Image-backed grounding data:
_ _ _ _ _
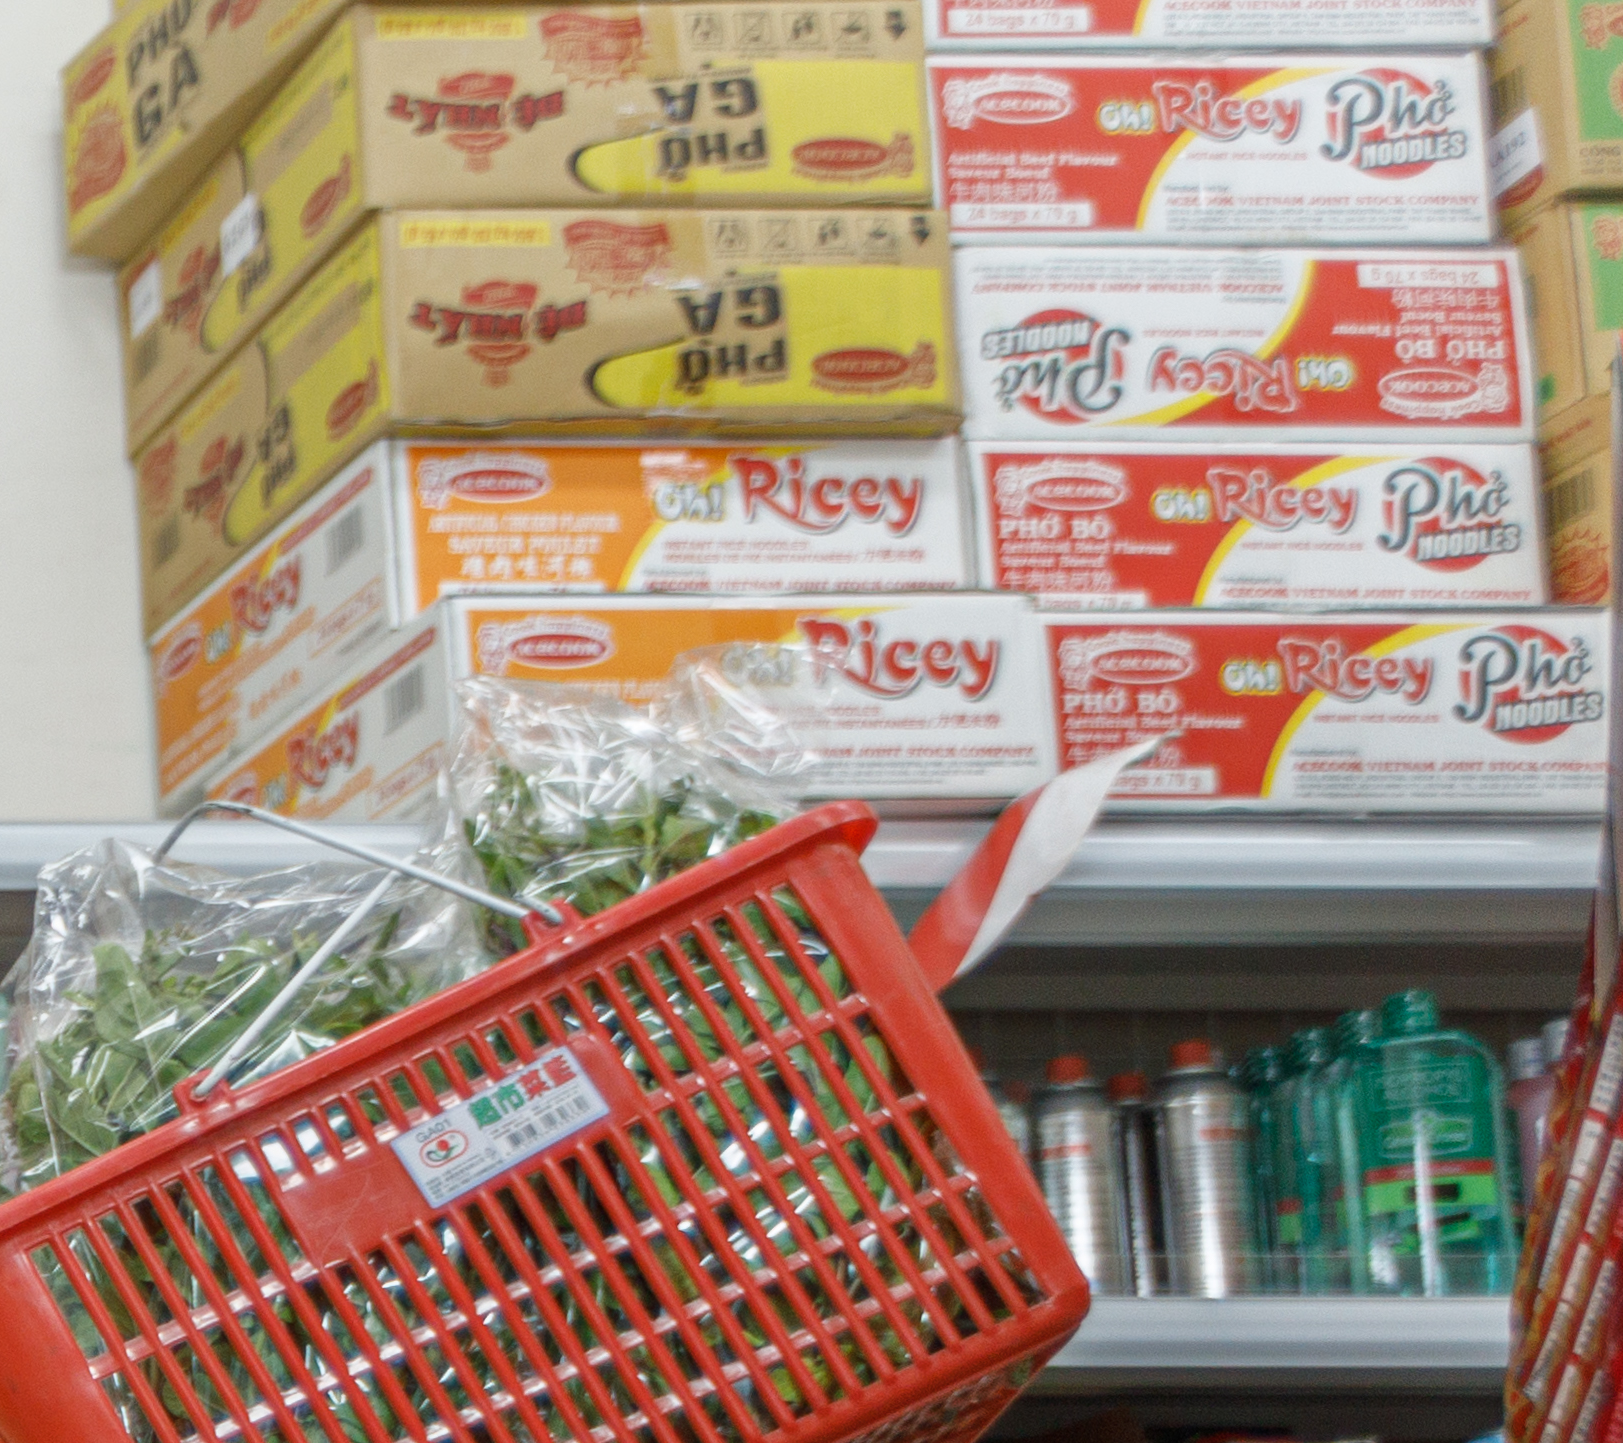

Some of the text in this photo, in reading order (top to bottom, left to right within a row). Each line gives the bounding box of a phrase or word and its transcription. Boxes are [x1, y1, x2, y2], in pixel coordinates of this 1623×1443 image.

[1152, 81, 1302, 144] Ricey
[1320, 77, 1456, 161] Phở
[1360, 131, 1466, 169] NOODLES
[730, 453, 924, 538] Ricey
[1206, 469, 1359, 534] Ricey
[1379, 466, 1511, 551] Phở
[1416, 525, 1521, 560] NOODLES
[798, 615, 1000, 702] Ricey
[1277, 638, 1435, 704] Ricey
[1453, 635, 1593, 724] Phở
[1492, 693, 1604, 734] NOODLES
_ _ _ _ _
TO DO:
Your task is to copy the entries in full and exactly, without any images.

COMPLETED TASK:
Some of the text in this photo, in reading order (top to bottom, left to right within a row). Each line gives the bounding box of a phrase or word and its transcription. Boxes are [x1, y1, x2, y2], in pixel coordinates of this 1623×1443 image.

[1152, 81, 1302, 144] Ricey
[1320, 77, 1456, 161] Phở
[1360, 131, 1466, 169] NOODLES
[730, 453, 924, 538] Ricey
[1206, 469, 1359, 534] Ricey
[1379, 466, 1511, 551] Phở
[1416, 525, 1521, 560] NOODLES
[798, 615, 1000, 702] Ricey
[1277, 638, 1435, 704] Ricey
[1453, 635, 1593, 724] Phở
[1492, 693, 1604, 734] NOODLES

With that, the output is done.